He faltado unos días, son las ventajas del jubileta; podemos poner nuestros puentes donde nos dé la gana y así poder evitar las aglomeraciones de los tradicionales.

Por eso, nos fuimos  a Madrid, con el único y exclusivo motivo de ver el Rey León, y pasearnos. Curiosamente, encontré una tienda especializada en gorditos con ganas de ir bien vestidos, cosa que en esta ciudad de Málaga es imposible. Aquí, el único que ofrece tallas por encima de las de los hipsters  del momento, es el Corte Inglés pero presuponen qué, al estar gordo también estas mal del gusto, y te ofrecen trajes del estilo de Frank Nitty, el de los Intocables. Por eso, que se añade a que lo del León es fantástico, el viaje un éxito.
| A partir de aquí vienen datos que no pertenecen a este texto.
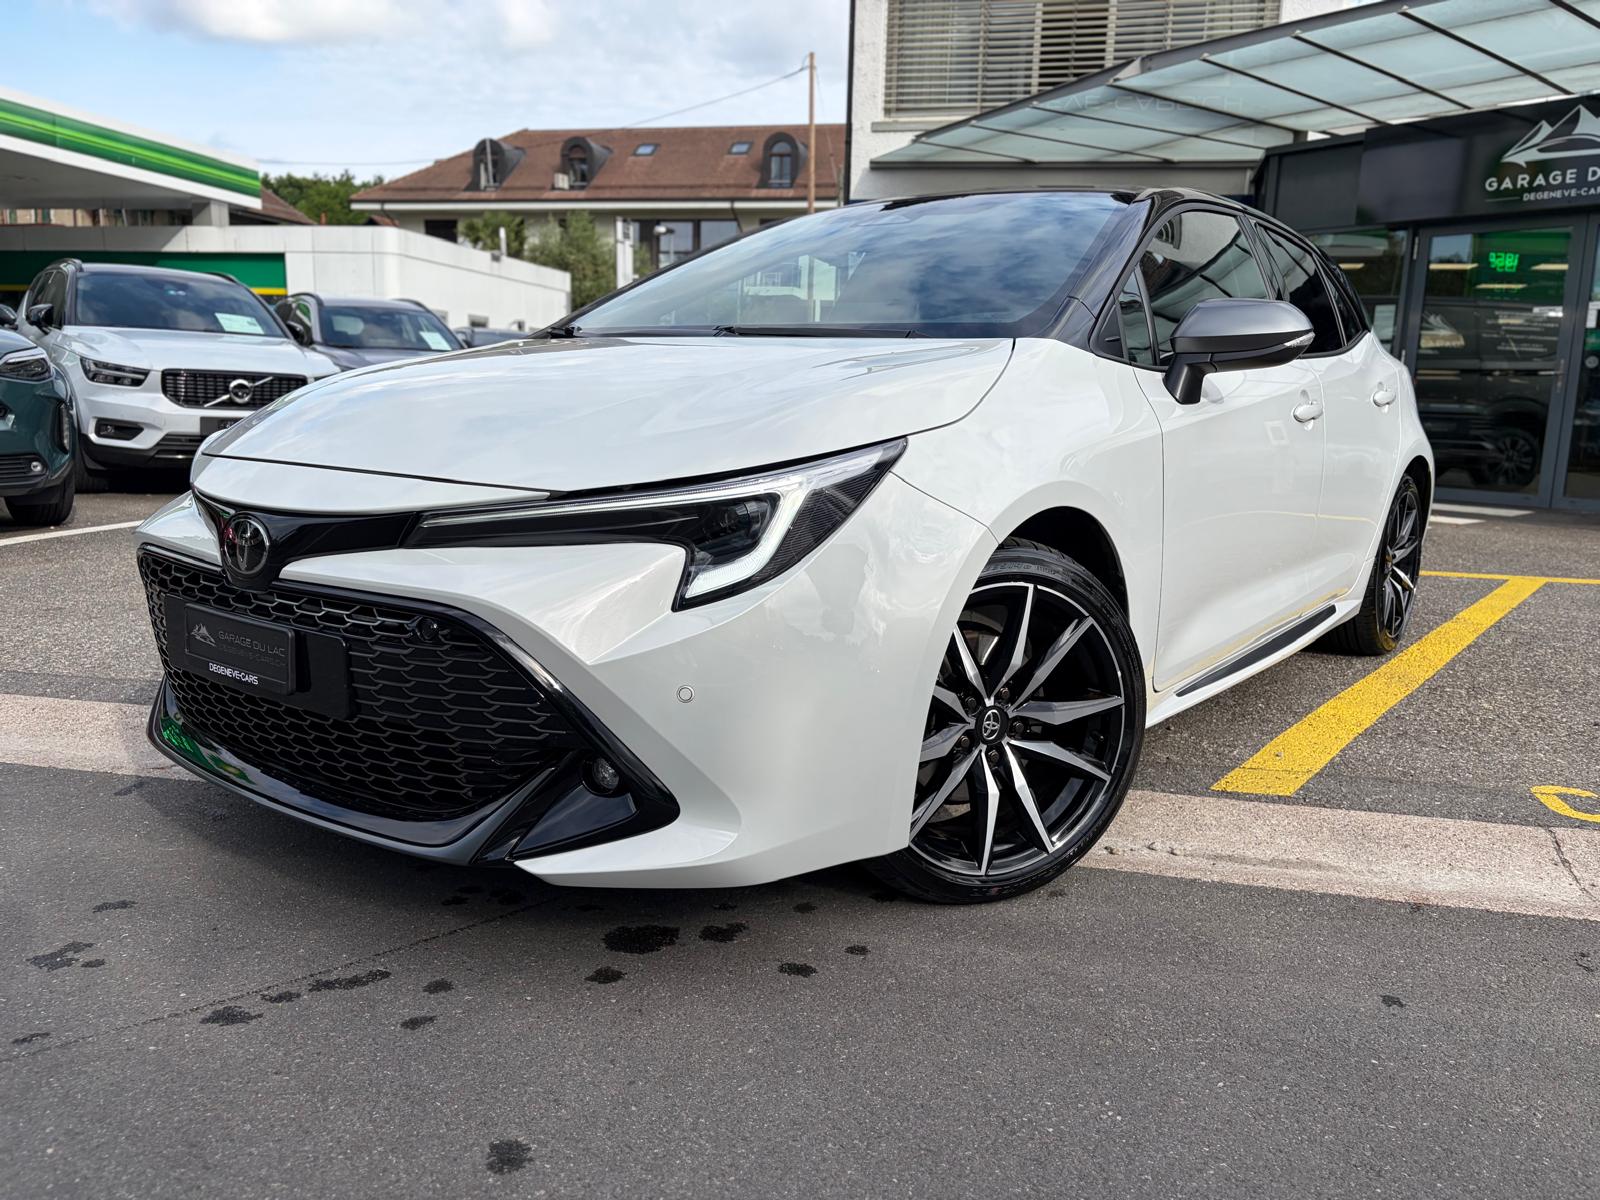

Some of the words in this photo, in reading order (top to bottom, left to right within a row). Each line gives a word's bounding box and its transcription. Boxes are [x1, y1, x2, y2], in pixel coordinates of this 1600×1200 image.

[1485, 169, 1577, 191] GARAGE
[219, 631, 252, 647] GARAGE
[252, 641, 266, 652] DU
[267, 644, 286, 658] LAC
[209, 662, 258, 685] DEGENEVE-CARS
Por lo demás, Madrid ha perdido sus encanto de tiendas de todas clases. Ahora, en todos los barrios y hasta la Gran Vía, los escaparates son un continuo de marcas multinacionales y cadenas millonarias. Una pena, es la uniformización del mundo, el mismo camino de los coreanos, pero en marcas de lujo.

Cómo es natural, y estando de viaje de recreo aun más, procuré no ver el Mega Debate aunque no me sirvió de nada. En todos los bares y restaurantes que entraba, taxi que usara, y en cualquier cadena que se preciara, estaban desde esa noche y hasta ahora mismo, despiezándolo, opinándolo y enfangándose en explicaciones variopintas. Lo más nutrido del opínometro era, naturalmente para los insultos que don Pedro dirigió a don Mariano. Aun siendo por partes, he observado qué en aras de llevar el agua al molino particular de cada opinador, las explicaciones eran variadas. Como yo también tengo derecho a tener la mía, la digo, y aclaro no está cargada de intención política, en eso que cada cual se lo haga mirar, es solo la opinión sobre un hecho. Es esta, lo de don Pedro, fue lisa y llanamente una muestra de falta de educación. Si un político piensa o sabe de otro que está haciendo algo ilegal, no es en la televisión donde debe ir a plantearlo. Debe ir al Juzgado de Guardia o a la Comisaria más próxima. Irse a la tele a despotricar, es cosa de horteras, merdekas y maleducados. Nada más… y nada menos, porque este señor, aspira a mandar en este país, lo que nos hace pensar en qué manos estamos.

Con este clima de crispación que algunos partidos fomentan, no es de extrañar lo que le pasó ayer a don Mariano, al que arrearon un puñetazo de calidad. Para los que se asombren, les ruego relean mi desatino del día 4 de diciembre, y verán que este no es, como intentan vendernos, un caso aislado, sino una muestra más de ese  odio soterrado alimentado por personajes que, cuando van a la tele oficial se visten de limpio, pero que en sus “redes sociales” y en sus arengas tabernarias, calientan al personal y lo incitan a estos hechos. Para colmo, esta mañana, he notado otra muestra de esa hipocresía nacional que ahora impera. En todas las imágenes que han salido del agresor, este tiene la cara pudorosamente velada para “proteger sui identidad” e imagino que también para proteger sus derechos, mientras que las del agredido y los policías estaban a cara descubierta. De vergüenza.

Ya mañana, esperó volver a la normalidad, hoy termino con una buena noticia, “sólo quedan dos días de campaña”. ¡¡¡Uff!!!